§ Instructions to follow
All records are to be restated word for word, with pictures excluded.

§ Data for analysis
**********

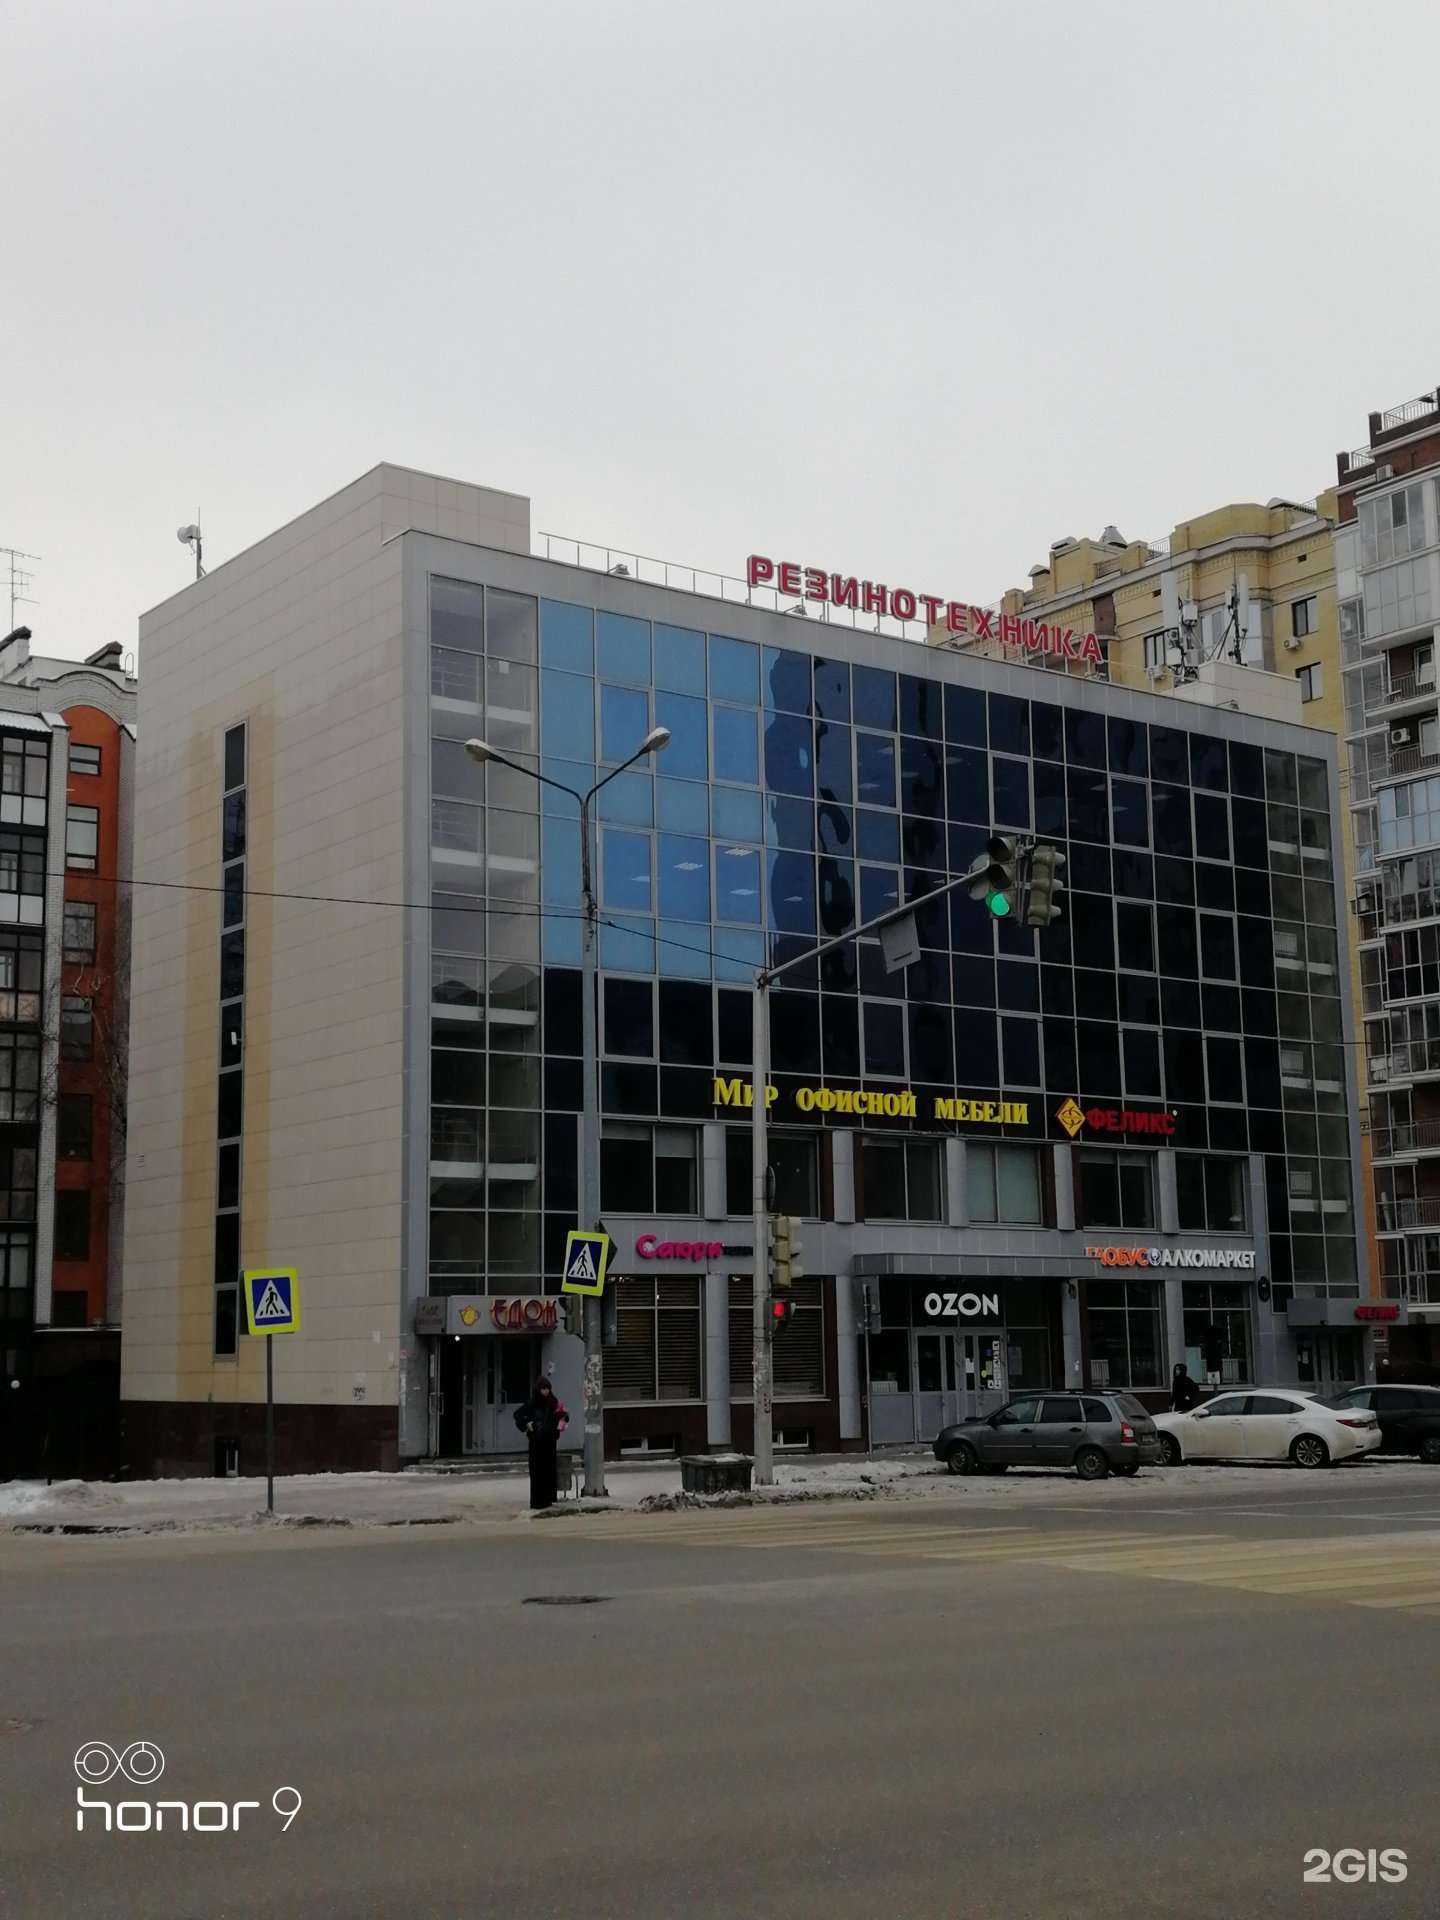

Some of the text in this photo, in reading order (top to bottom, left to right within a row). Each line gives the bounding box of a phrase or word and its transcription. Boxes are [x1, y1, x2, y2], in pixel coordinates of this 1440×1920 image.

[747, 555, 1103, 662] РЕЗИНОТЕХНИКА
[796, 1087, 917, 1118] ОФИСНОЙ
[935, 1097, 1029, 1125] МЕБЕЛИ
[1087, 1108, 1176, 1135] ФЕЛИКС
[1161, 1248, 1256, 1269] АЛКОМАРКЕТ
[924, 1292, 999, 1317] OZON
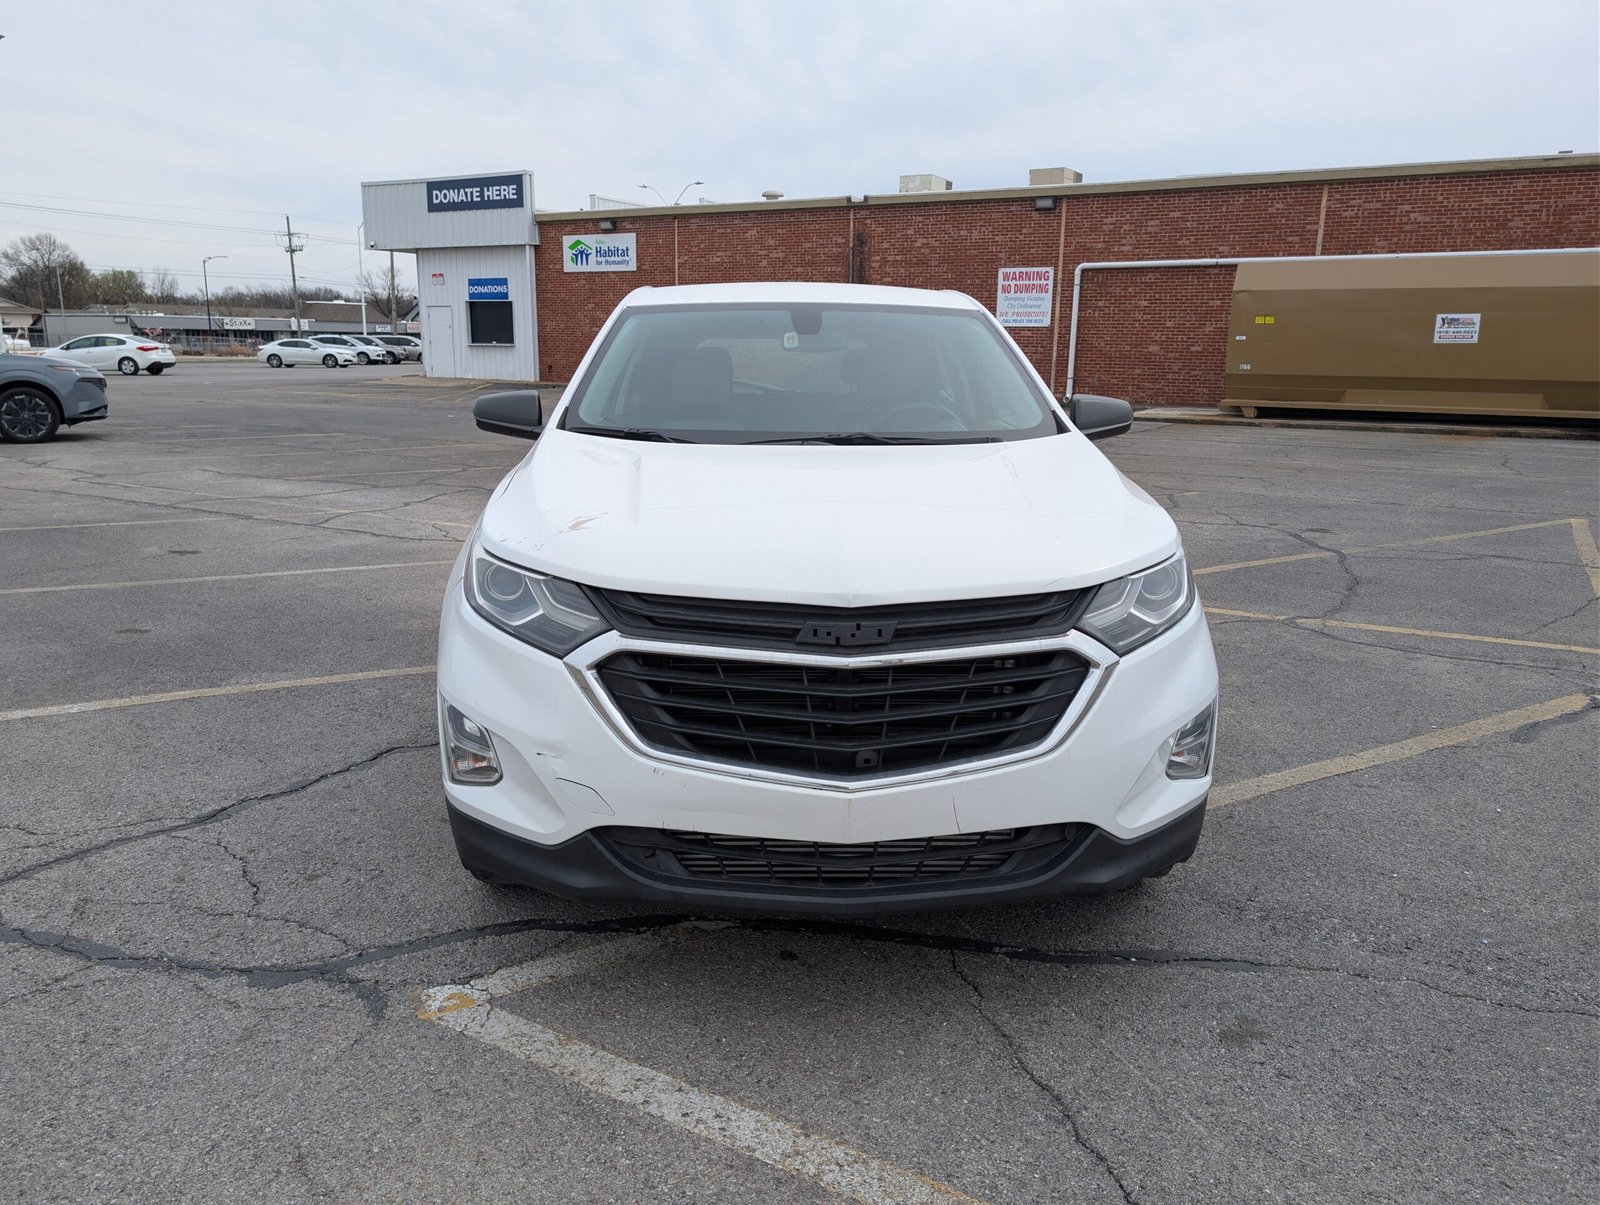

**********

§ Written solution
Some of the text in this photo, in reading order (top to bottom, left to right within a row). Each line gives the bounding box of a phrase or word and its transcription. Boxes are [x1, y1, x2, y2], in pixel coordinates of this 1440×1920 image.

[747, 555, 1103, 662] РЕЗИНОТЕХНИКА
[796, 1087, 917, 1118] ОФИСНОЙ
[935, 1097, 1029, 1125] МЕБЕЛИ
[1087, 1108, 1176, 1135] ФЕЛИКС
[1161, 1248, 1256, 1269] АЛКОМАРКЕТ
[924, 1292, 999, 1317] OZON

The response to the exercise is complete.